Mientras se esperaba para econtrar el mejor modo de sacar a la delegación de la plaza, en los aledaños comenzaron a producirse los incidentes más graves, como el volcado de al menos dos contenedores de vídrio a lo que continuó el lanzamiento de decenas de botellas contra los ertzainas, además de no pocas piedras.

A pie, coreando «libertad, libertad»

Allí permanecieron durante más de una hora, hasta que el dispositivo desplegado por la Ertzaintza consideró que era seguro abandonar el lugar. En la espera la tensión había llegado incluso a provocar encontronazos verbales entre los asistentes al mitin y los manifestantes, muchos de los cuales habían respondido a la convocatoria de movimientos antifascistas.

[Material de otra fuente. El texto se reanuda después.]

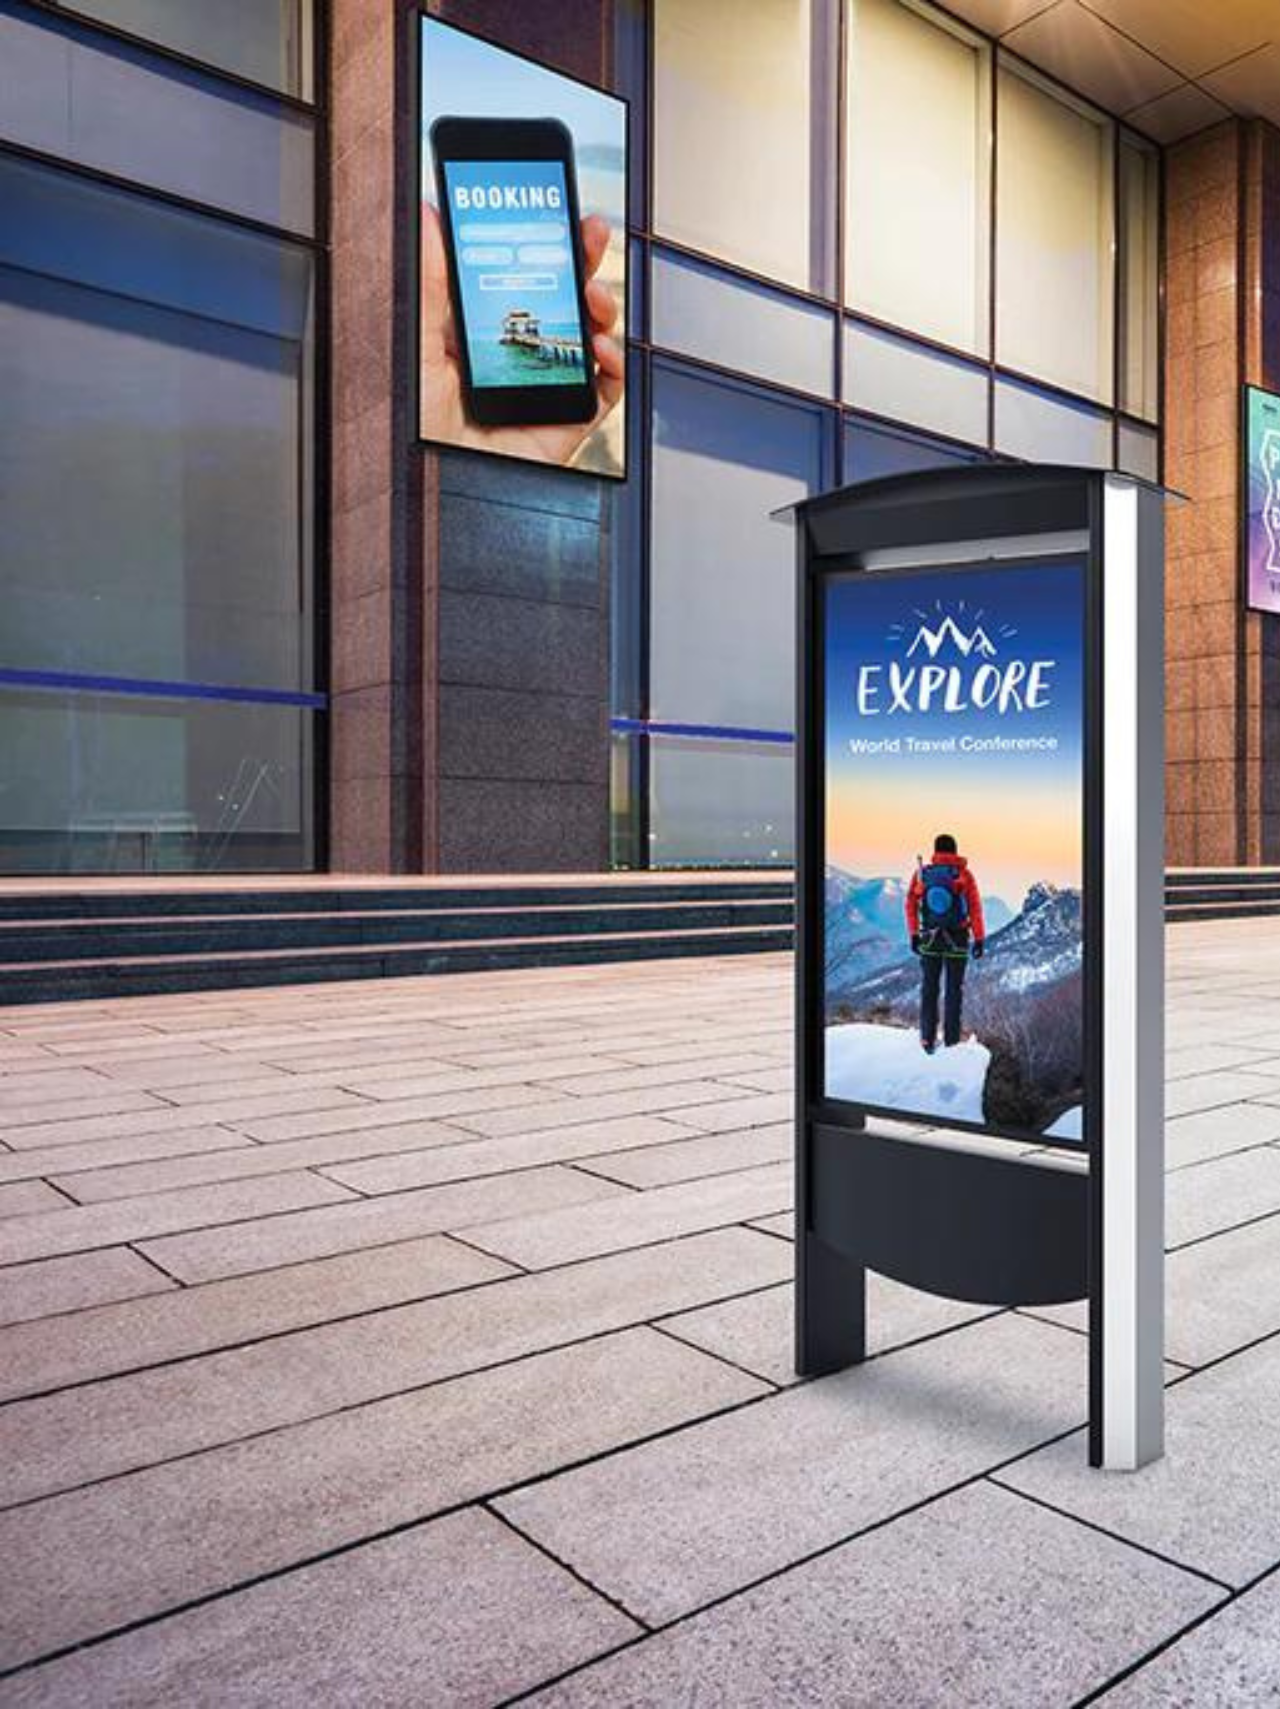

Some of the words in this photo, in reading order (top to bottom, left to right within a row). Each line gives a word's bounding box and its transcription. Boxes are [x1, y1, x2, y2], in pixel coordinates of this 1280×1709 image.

[454, 186, 561, 209] BOOKING
[857, 659, 1056, 716] EXPLORE
[849, 738, 899, 754] World
[906, 737, 955, 752] Travel
[960, 736, 1058, 751] Conference
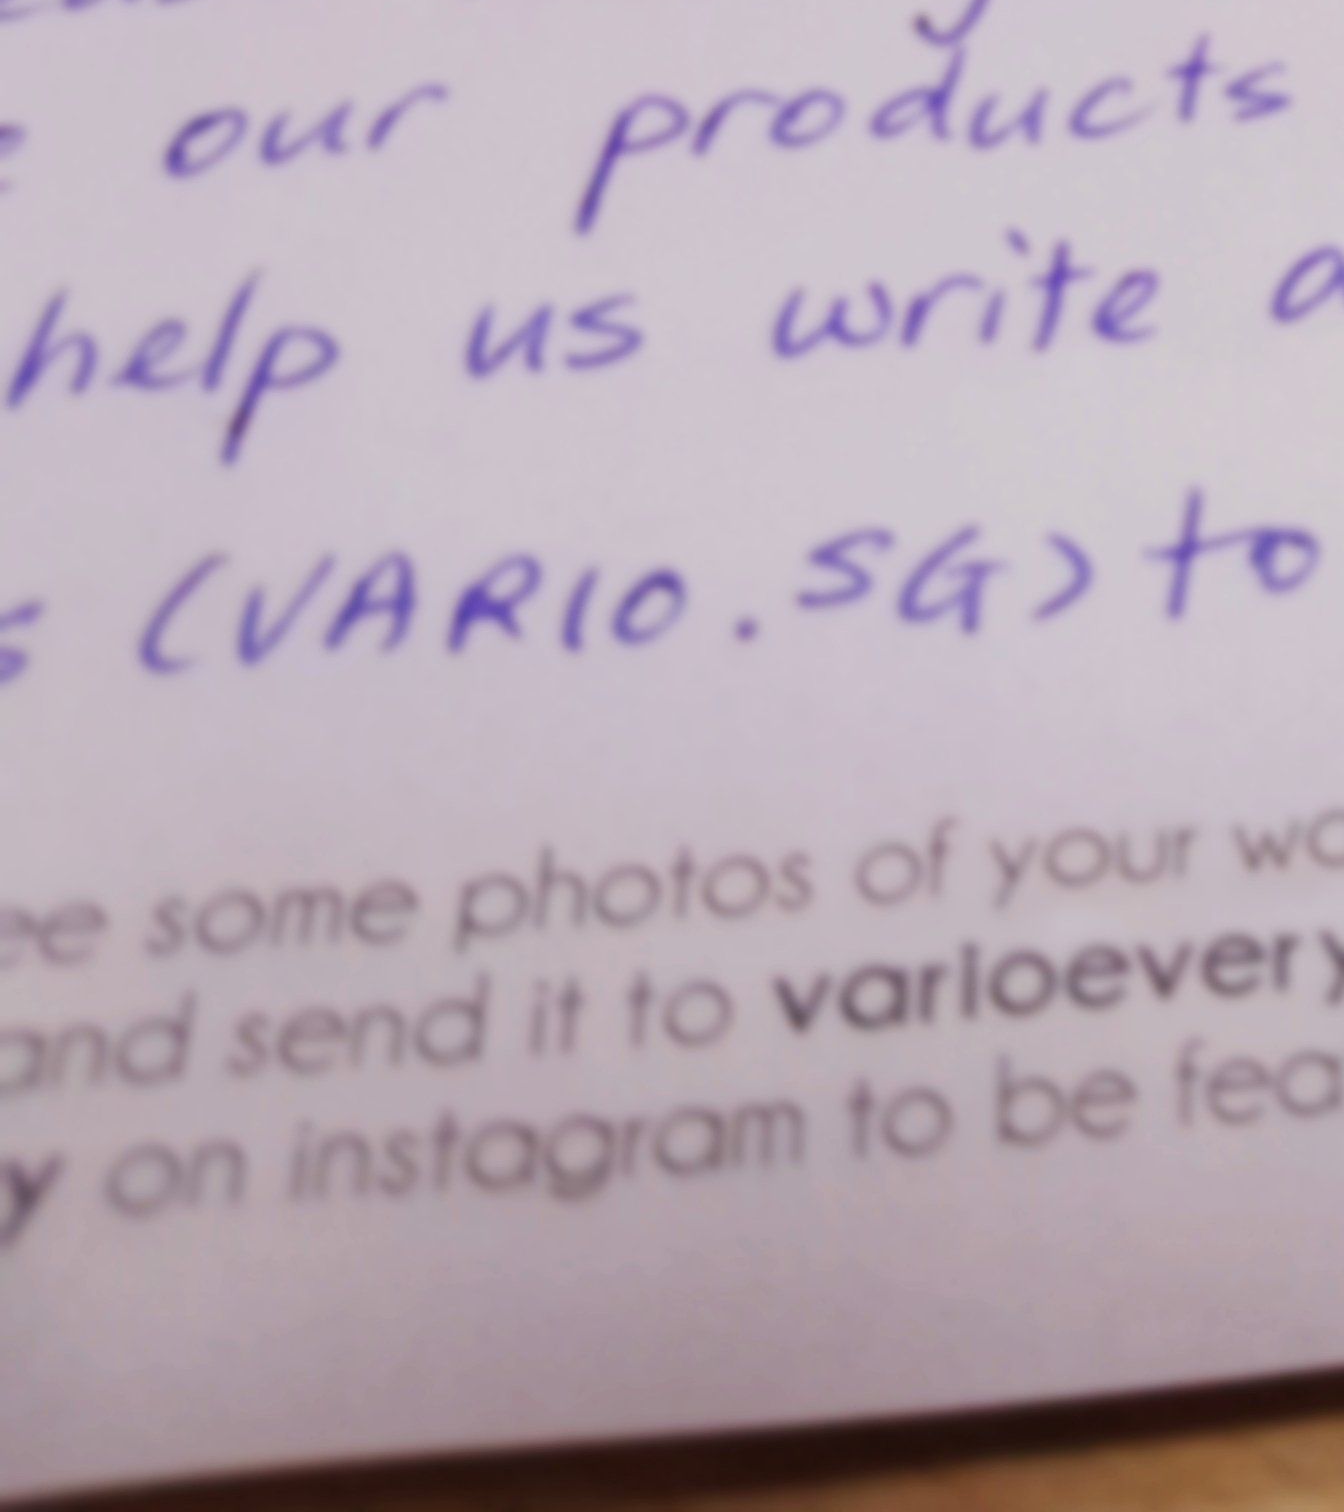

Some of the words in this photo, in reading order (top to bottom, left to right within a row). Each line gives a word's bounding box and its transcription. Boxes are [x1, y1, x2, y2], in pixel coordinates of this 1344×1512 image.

[163, 83, 448, 178] our
[5, 266, 340, 465] help
[465, 290, 645, 380] us
[770, 226, 1160, 358] write
[1145, 488, 1320, 620] to
[145, 883, 420, 958] some
[455, 846, 814, 953] photos
[855, 818, 956, 906] of
[990, 826, 1196, 910] your
[0, 990, 196, 1093] and
[225, 973, 492, 1080] send
[530, 978, 584, 1058] it
[630, 973, 735, 1050] to
[105, 1140, 248, 1220] on
[285, 1103, 803, 1202] instagram
[850, 1078, 955, 1158] to
[997, 1056, 1137, 1148] be
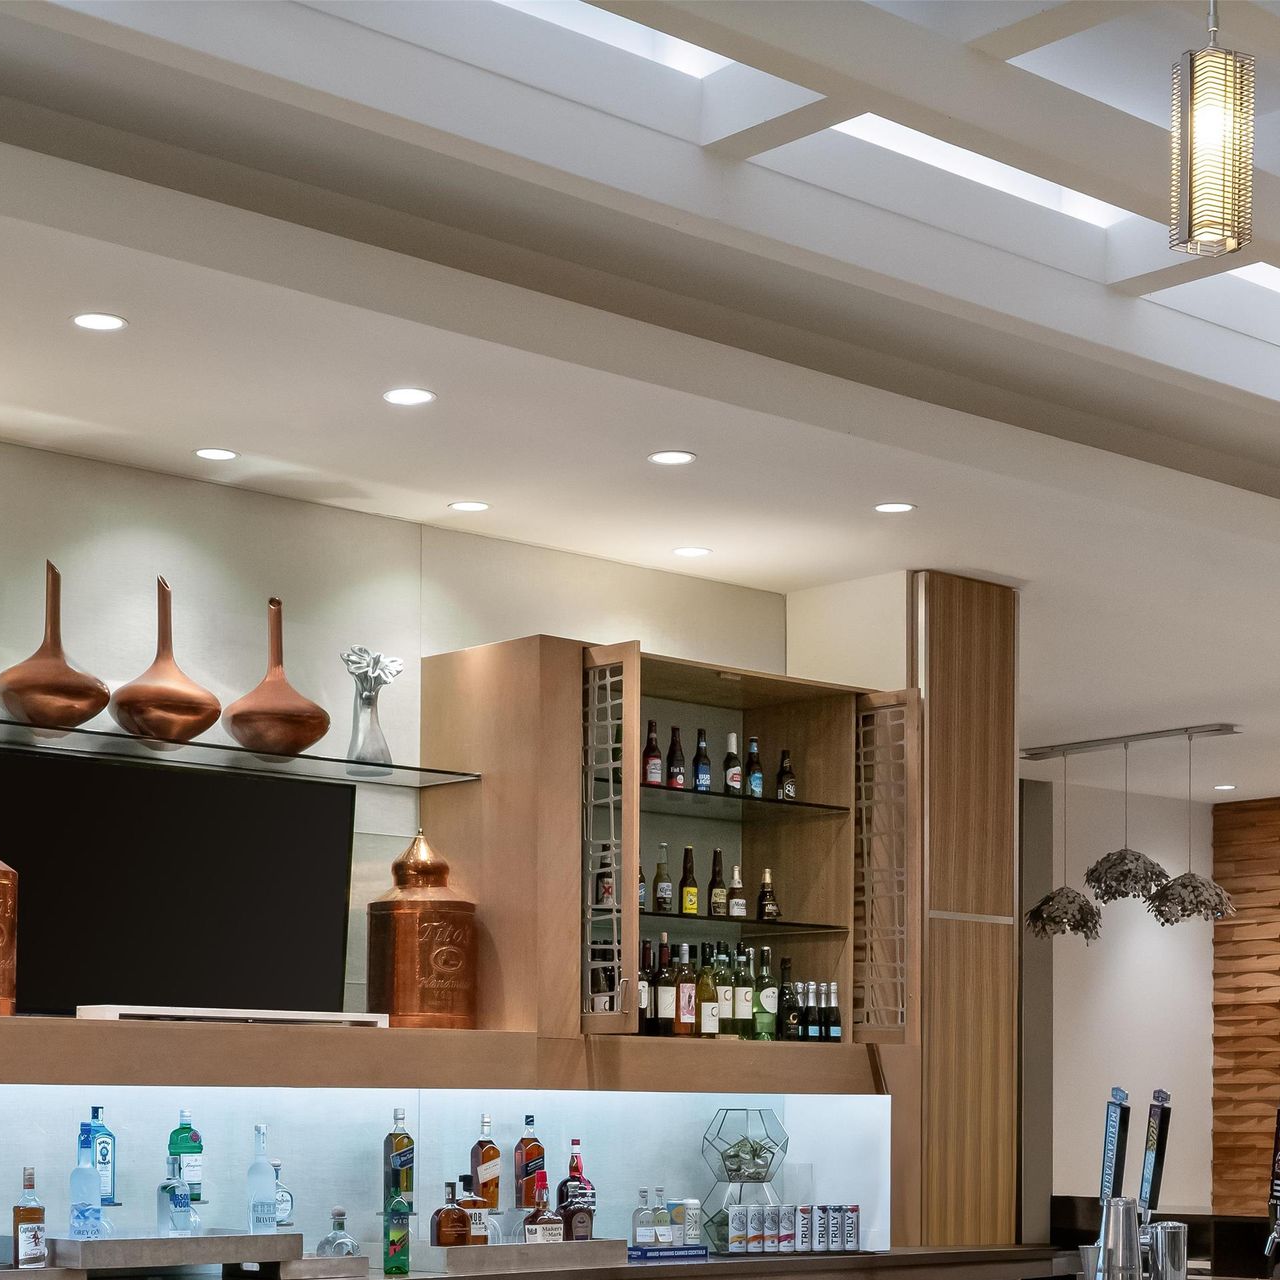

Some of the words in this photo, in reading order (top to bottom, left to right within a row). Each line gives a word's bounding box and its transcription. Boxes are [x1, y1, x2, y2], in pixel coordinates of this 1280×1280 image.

[1106, 1111, 1118, 1159] MEXICAN
[1103, 1160, 1114, 1195] LAGER
[818, 1215, 827, 1246] TRULY
[831, 1214, 839, 1245] TRULY
[846, 1214, 854, 1245] TRULY
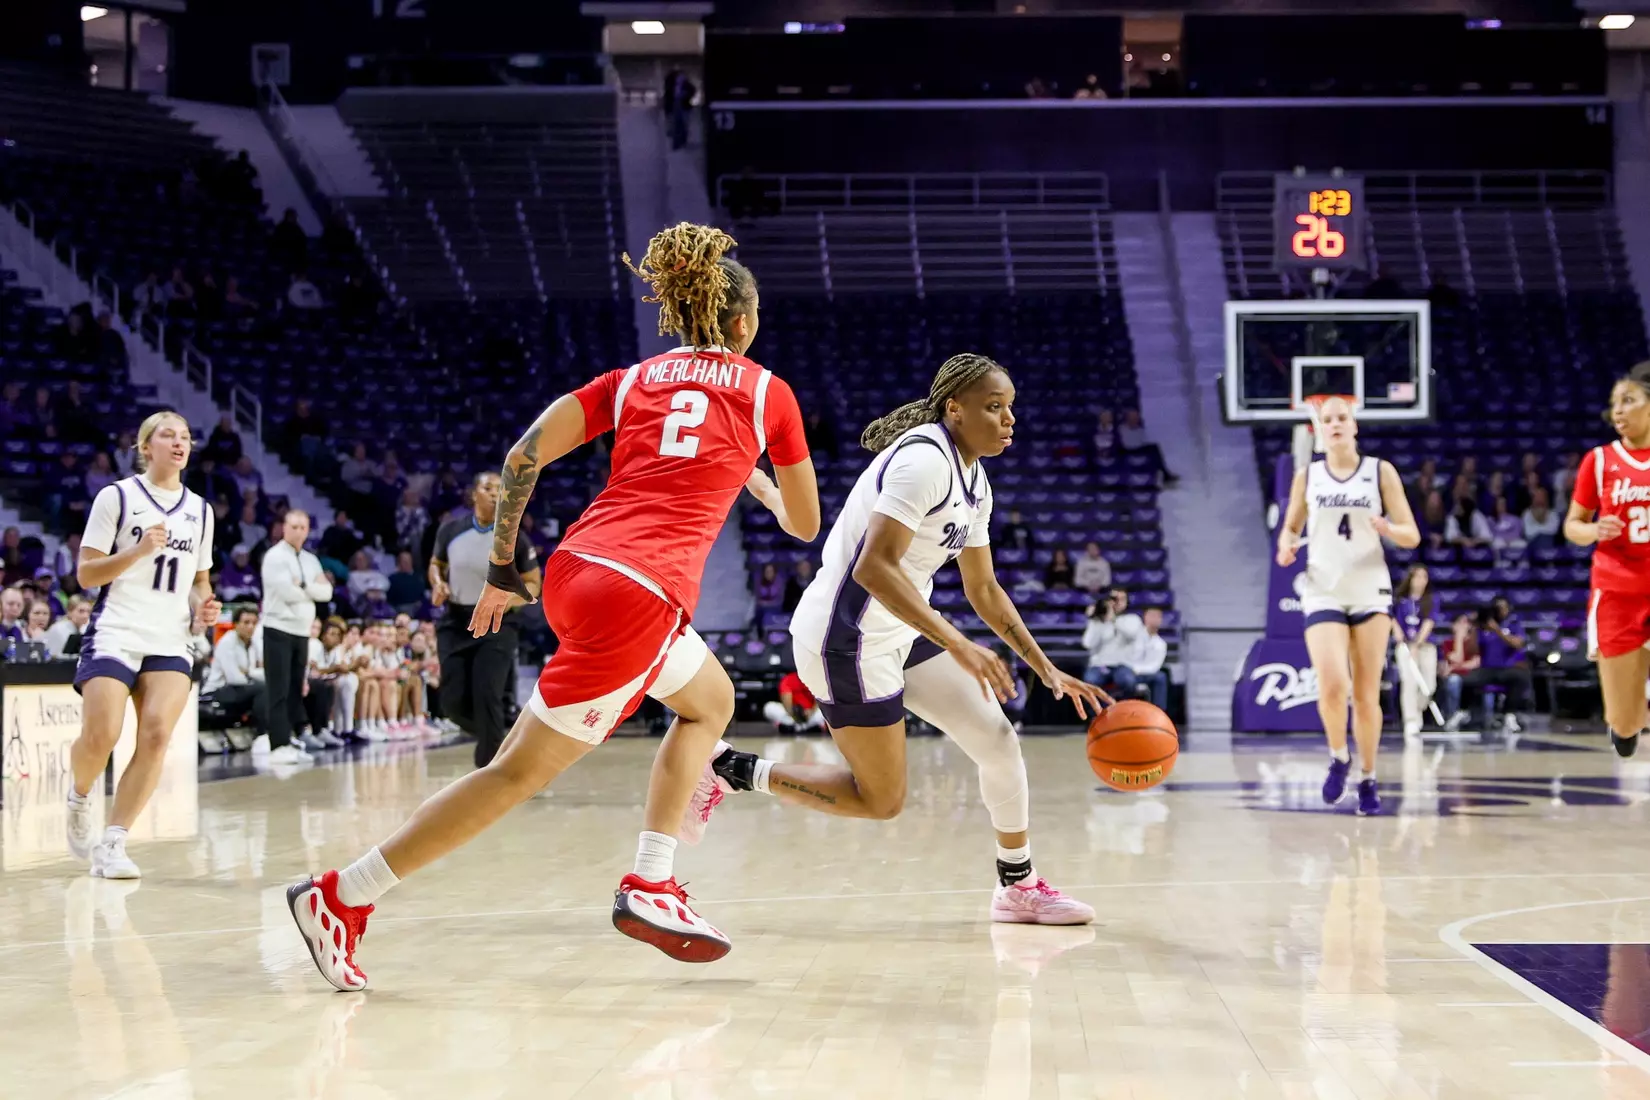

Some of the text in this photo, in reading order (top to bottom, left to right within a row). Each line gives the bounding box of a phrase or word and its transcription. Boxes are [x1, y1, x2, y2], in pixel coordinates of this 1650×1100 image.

[1292, 213, 1345, 257] 26
[644, 357, 746, 389] MERCHANT
[658, 389, 710, 459] 2
[1338, 512, 1352, 541] 4
[1627, 505, 1650, 544] 2
[152, 553, 179, 594] 11
[36, 693, 83, 727] Ascens

Para entonces la diputada nacional Rocío de Meer, se había recuperado del susto recibido poco después de su llegada tras haberle impactado levemente una de las piedras arrojadas, hiriéndola en una ceja. El líder de Vox, Santiago Abascal, hacía minutos que se había encendido un puro mientras esperaba instrucciones de su equipo de seguridad y la Ertzaintza. La decisión de la Policía Autonómica vasca fue que todos ellos abandonaran a pie, protegidos por un pasillo de agentes, la plaza y recorrieran los alredeor de 500 metros – que hicieron al grito de «libertad, libertad»- hasta un aparcamiento cercano a la comisaría de la Ertzaintza. En el recorrido, ni la tensión, ni los insultos cesaron.

Ya en el estacionamiento, el ambiente se relajó levemente y algunos de los asistentes al mitín rompieron a llorar. La Ertzaintza habilitó un sistema para que cada uno de ellos pudiera regresar hasta sus vehículos particulares. Los altercados en Sestao aún se prolongaron durante más tiempo. Mientras el operativo se ultimaba algunos de los asistentes al acto de Vox cuestionaron la decisión de la dirección de celebrar este tipo de actos electorales en plazas públicas en lugar de espacios cerrados, en los que la tensión y el riesgo sería menor.

Contra la Ertzaintza

«Podría haber ocurrido alguna desgracia y la policía autonómica no ha disuelto este acto de hostigamiento mafioso y proterrorista», aseguró el presidente de Vox durante la concentración. Avanzó que actuarán «contra el jefe del dispositivo y contra la consejería de Interior» por el modo en el que se llevado a cabo.

Poco después de los altercados en Sestao, el lehendakari Iñigo Urkullu condenó los incidentes y aseguró que «respetar a las demás personas comienza por respetarse a sí mismo». Acusó a quienes agredieron a la diputada de Vox y a quienes «interfieren en los actos de cualquier formación política» de estar atentando «contra la pluralidad y la tolerancia». Recuerda que son «los elementos identificatorios de una democracia». Urkullu también denuncia ese modo de proceder «al tiempo que denuncio esta dinámica de proceder».

También el candidato de la coalición PP+Cs, Carlos Iturgaiz, condenó lo sucedido. Tras solidarizarse con la diputada herida, aseguró que «desgraciadamente la libertad de expresión sigue amenazada en el País vasco por parte de los radicales proetarras».

Las encuestas no preven que Vox pueda obtener representación en las próximas elecciones del 12-J. La formación de Santiago Abascal no ha logrado incrementar de modo significativo sus apoyos en el País Vasco.